WHAT THE TASK REQUIRES -
Your answer must be the records below, repeated exactly, with every picture left out.

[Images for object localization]
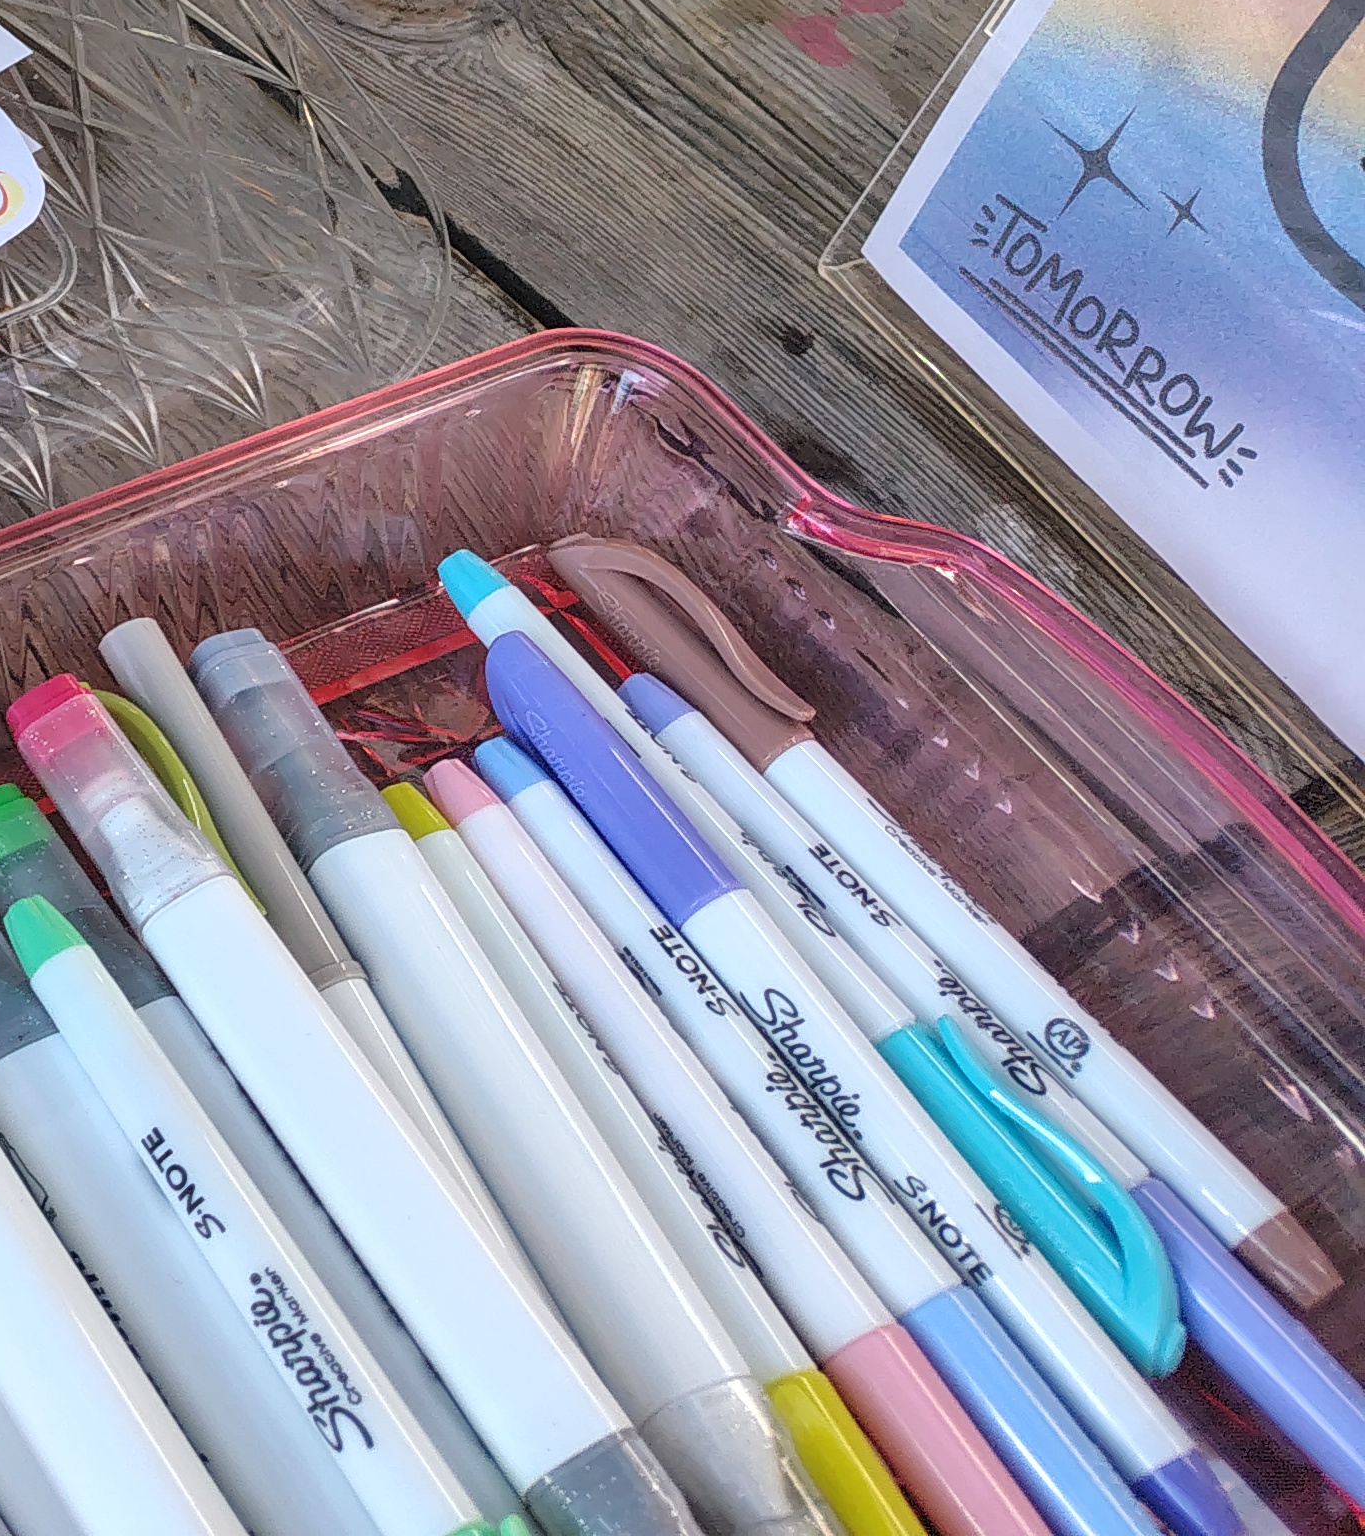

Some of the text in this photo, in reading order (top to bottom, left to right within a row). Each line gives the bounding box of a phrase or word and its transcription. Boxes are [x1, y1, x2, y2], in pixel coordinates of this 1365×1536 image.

[989, 191, 1247, 461] TOMORROW
[739, 986, 864, 1142] Sharpie
[764, 1052, 897, 1204] Sharpie
[246, 1270, 376, 1453] Sharpie
[262, 1265, 364, 1407] Creative Marker

ANSWER TO THE EXERCISE -
Some of the text in this photo, in reading order (top to bottom, left to right within a row). Each line gives the bounding box of a phrase or word and its transcription. Boxes are [x1, y1, x2, y2], in pixel coordinates of this 1365×1536 image.

[989, 191, 1247, 461] TOMORROW
[739, 986, 864, 1142] Sharpie
[764, 1052, 897, 1204] Sharpie
[246, 1270, 376, 1453] Sharpie
[262, 1265, 364, 1407] Creative Marker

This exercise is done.